En una visita al estudio de Intrusos (América TV), Yanina Latorre decidió correr el velo sobre un aspecto desconocido de su vida íntima. Fiel a su estilo frontal, la conductora se sinceró sobre la intimidad de su matrimonio con Diego Latorre y reveló que ella también le fue infiel, compartiendo además su mirada sobre la lealtad y el perdón.

La declaración sorprendió por el contexto en el que se produjo. Durante años, la relación estuvo bajo el foco público por la infidelidad del exfutbolista con Natacha Jaitt, un episodio que marcó la exposición mediática del matrimonio. Sin embargo, esta vez fue Yanina quien dio vuelta la narrativa y puso el foco sobre sí misma.

"Yo no finjo demencia, tampoco yo he sido tan perfecta, lo que pasa es que no me han descubierto. El tema es ser viva. Alguna vez no me debo haber portado bien, la gente cree que yo cuento todo y yo soy más viva que nadie", lanzó, en una frase que condensó ironía, autocrítica y provocación.

El episodio que salió a la luz

Lejos de dejar la confesión en la ambigüedad, la periodista avanzó con detalles. "Diego no lo sabe, se está enterando ahora. Él se re enojaría, pero él a mí también me ha perdonado. Nunca me acosté con un famoso que no sea Diego. No tuve nada, en 30 años de casados un día me calenté con uno y fui, no lo conoce nadie", relató.

En ese tramo de la charla, precisó además que el episodio ocurrió cuando ella no era una figura mediática: "Me descubrió, se lo contó una 'conchuda' amiga mía en ese momento. Yo no era famosa, no trabajaba en la tele".

La revelación incluyó otro dato sensible: sus hijos "se están enterando ahora". Sin embargo, aclaró que el exfutbolista ya conocía la situación. El episodio, entonces, no es nuevo dentro de la intimidad del matrimonio, aunque sí lo es para el público.

Más allá del hecho puntual, Yanina Latorre utilizó la confesión para exponer su mirada sobre los vínculos de larga data. "A los 30 años de matrimonio son otras cosas las que te planteás. Para mí, la lealtad va por otro lado. Son cosas distintas la deslealtad y la infidelidad", sentenció.

Su postura se apoya en una distinción conceptual que, según expresó, cobra relevancia con el paso del tiempo. Para ella, la fidelidad física no es una exigencia central en una relación que acumula décadas. La lealtad, en cambio, aparece asociada a la elección cotidiana y al compromiso sostenido.

En ese sentido, fue tajante: "Me ha sido infiel y creo que nadie es perfecto. Hoy la infidelidad no es causal de divorcio, hay tipos violentos y miserables". Y añadió: "Yo no creo en la fidelidad, no digo que tengo una pareja abierta, pero uno elige qué perdonar y qué no".

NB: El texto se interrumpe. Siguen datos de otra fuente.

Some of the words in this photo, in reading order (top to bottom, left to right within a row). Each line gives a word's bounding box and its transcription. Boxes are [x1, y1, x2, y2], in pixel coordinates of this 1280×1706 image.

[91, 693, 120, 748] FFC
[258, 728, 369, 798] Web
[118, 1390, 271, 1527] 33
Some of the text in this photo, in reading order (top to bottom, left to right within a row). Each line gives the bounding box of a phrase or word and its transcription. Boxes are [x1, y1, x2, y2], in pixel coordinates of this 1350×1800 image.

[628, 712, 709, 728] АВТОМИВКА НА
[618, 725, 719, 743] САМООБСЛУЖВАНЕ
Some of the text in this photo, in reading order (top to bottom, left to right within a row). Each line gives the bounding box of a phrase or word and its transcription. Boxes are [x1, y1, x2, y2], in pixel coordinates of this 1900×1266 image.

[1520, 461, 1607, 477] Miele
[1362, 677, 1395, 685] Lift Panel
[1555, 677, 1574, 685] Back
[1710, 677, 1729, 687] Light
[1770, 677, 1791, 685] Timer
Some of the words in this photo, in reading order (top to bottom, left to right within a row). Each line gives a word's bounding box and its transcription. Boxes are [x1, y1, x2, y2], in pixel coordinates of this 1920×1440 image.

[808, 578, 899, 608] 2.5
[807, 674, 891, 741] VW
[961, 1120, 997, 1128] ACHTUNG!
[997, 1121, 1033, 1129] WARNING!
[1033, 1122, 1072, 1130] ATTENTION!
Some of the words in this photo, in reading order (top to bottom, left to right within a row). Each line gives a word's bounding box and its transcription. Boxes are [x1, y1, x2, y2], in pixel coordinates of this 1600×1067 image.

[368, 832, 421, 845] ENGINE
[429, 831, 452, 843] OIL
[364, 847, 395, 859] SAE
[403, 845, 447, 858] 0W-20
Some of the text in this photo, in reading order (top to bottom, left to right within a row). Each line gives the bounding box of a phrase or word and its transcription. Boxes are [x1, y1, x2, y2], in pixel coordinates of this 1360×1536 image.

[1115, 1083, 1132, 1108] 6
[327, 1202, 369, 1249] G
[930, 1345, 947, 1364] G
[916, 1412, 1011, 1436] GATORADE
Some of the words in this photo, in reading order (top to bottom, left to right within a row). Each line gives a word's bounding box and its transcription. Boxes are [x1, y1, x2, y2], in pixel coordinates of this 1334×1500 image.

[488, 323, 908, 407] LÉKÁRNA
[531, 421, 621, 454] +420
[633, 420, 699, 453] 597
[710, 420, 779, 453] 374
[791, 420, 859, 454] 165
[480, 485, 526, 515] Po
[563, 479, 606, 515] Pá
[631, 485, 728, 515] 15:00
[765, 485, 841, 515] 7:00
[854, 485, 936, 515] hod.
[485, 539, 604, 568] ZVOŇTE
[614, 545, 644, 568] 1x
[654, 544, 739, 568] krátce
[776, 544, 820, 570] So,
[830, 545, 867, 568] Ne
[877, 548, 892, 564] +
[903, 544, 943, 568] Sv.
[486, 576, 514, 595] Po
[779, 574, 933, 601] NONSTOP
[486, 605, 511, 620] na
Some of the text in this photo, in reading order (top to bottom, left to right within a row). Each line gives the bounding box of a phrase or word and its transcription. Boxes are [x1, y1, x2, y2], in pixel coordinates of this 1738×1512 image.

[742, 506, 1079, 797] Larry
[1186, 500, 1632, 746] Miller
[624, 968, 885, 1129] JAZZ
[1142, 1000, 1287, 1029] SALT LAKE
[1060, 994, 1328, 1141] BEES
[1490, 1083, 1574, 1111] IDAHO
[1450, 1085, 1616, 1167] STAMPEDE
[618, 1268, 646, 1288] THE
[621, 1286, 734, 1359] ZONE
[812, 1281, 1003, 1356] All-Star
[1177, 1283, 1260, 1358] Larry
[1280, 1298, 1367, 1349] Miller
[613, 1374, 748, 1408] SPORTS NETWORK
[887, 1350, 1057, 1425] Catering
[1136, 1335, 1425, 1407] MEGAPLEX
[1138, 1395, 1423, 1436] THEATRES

Sus palabras introducen una visión pragmática del matrimonio, donde el perdón no implica negación de lo ocurrido, sino decisión consciente de continuidad.

31 años de matrimonio bajo otra luz

"Vamos 31 años de casados, creo que en esto hay un poco de hipocresía de la gente porque le pasa a todo el mundo. Yo elijo vivir con Diego, me gusta vivir y compartir con él. Es mi compañero de vida, mi todo", opinó.

En esta frase se concentra el eje de su planteo: la permanencia no como imposición, sino como elección. La conductora insistió en que no abrió su pareja y buscó desmentir la idea de una relación perfecta. No hay, según sus palabras, un acuerdo de vínculo abierto ni una negación de los conflictos, sino una convivencia atravesada por errores y reconciliaciones.

El matrimonio Latorre, que lleva más de tres décadas, vuelve así al centro del debate público, pero desde una perspectiva distinta. No como escenario exclusivo de una infidelidad pasada, sino como ejemplo de un vínculo que, según su protagonista, ha atravesado crisis, revelaciones y perdones.

La confesión de Yanina no solo sorprendió por el contenido, sino por el momento y el espacio elegidos. En televisión abierta, frente a cámaras y audiencia masiva, decidió exponer una zona privada que hasta ahora no había sido parte del relato público.